When Namaste debuted in 2016, beach clubs were only usable at anchor, and with the transom open. Namaste’s beach club was usable with the transom closed, and three horizontal transom ports brought in natural light. Additionally, beach clubs in the same size range typically doubled as tender garages. The Mangusta Oceano 42 stowed toys in a separate, side-launching garage.
While there are now seven Mangusta Oceano models from 128 to 197 feet length overall, the builder continues to make inroads into metal construction. The Mangusta GranSport series is an all-aluminum, fast-displacement range, blending performance and transoceanic capability. It inaugurated in 2015 with the Mangusta GranSport 48. While capable of 26 knots, the 158-footer could also cover about 3,800 nautical miles at 12 knots. Today, the series includes three models from 108 feet—a size nearly impossible to find in metal—to 177 feet length overall.
“Different people are looking at the displacement and fast-displacement yachts than the maxis,” Arlunno says.
The maxi-open buyers tend to continue stepping up to larger maxis, he adds, whereas the other models attract clients coming over from traditional cruiser brands.
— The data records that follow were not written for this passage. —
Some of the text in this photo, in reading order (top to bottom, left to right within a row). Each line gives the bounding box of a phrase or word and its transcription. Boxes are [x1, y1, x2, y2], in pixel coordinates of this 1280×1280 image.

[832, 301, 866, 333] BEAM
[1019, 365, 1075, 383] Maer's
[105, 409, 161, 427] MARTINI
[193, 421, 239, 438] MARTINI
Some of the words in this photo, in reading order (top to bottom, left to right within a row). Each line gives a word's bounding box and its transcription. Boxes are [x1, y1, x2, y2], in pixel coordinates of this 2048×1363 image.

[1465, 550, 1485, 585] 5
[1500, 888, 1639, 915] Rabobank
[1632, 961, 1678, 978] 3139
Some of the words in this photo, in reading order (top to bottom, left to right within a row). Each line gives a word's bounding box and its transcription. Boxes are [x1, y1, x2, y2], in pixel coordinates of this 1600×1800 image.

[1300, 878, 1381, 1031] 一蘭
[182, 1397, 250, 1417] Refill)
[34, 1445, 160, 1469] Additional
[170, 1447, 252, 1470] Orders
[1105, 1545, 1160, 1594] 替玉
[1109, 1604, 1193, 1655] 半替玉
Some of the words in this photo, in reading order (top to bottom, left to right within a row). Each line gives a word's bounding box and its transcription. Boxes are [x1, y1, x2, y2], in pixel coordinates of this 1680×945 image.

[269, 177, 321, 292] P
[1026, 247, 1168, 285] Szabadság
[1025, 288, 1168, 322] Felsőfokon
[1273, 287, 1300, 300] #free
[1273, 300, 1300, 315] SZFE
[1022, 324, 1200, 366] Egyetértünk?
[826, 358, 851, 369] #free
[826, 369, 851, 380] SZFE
In fact, Arlunno ascribes the latter success to consistency in Mangusta’s public image.
“We have been very lucky in the last few years in showing the yachts at the boat shows,” he says. Additionally, the team is keeping these clients in the fold. Arlunno says some owners of the 108-foot Mangusta GranSport 33 have jumped straight into the 177-foot Mangusta GranSport 54.
Mangusta is now re-imagining the maxi opens, collaborating with designer Igor Lobanov. Arlunno considers Lobanov’s work on the first model, the 104 Rev, to be a game-changer. “There’s nothing on the market like it,” he says.
While still aggressively sporty in style, the yacht incorporates more glass than other maxi superyachts, especially sole-to-ceiling sections along the vessel’s main deck. The 165 Rev, meanwhile, adds fold-down balconies and a two-level master suite to its layout. All the while, their speed is still, well, speedy. The Mangusta 104 Rev hits 35 knots, while the 165 Rev should make 34 knots, according to the builder.
Iconic boatbuilding brands like Mangusta earn renown for staying true to their principles. Still, they need to evolve. The trick, like what the mighty mongoose does, is to remain agile while embracing the risk.
Since opening its doors in 1985, Mangusta has delivered more than 300 mega-yachts worldwide. Some 110 of these deliveries exceed 100 feet length overall. The maxi opens, which are the majority, are constructed in Viareggio, Italy. The metal yachts are built in nearby Pisa.
US yachtsmen are increasingly becoming Mangusta clients. “This year is the best year we’ve had,” says Stefano Arlunno, president Americas. A full 40 percent to 50 percent of the builder’s production is coming stateside. The first two hulls of the new 104 Rev maxi-open series, for instance, belong to Americans.
Welcome to Miami
Stefano Arlunno, Mangusta’s president to the Americas, has been with the builder since 2012 when it established its wholly-owned North American office. The use of “Americas” in Arlunno’s title is deliberate, as is the choice of Miami for his office. Mangusta recognizes South America as a strong market too.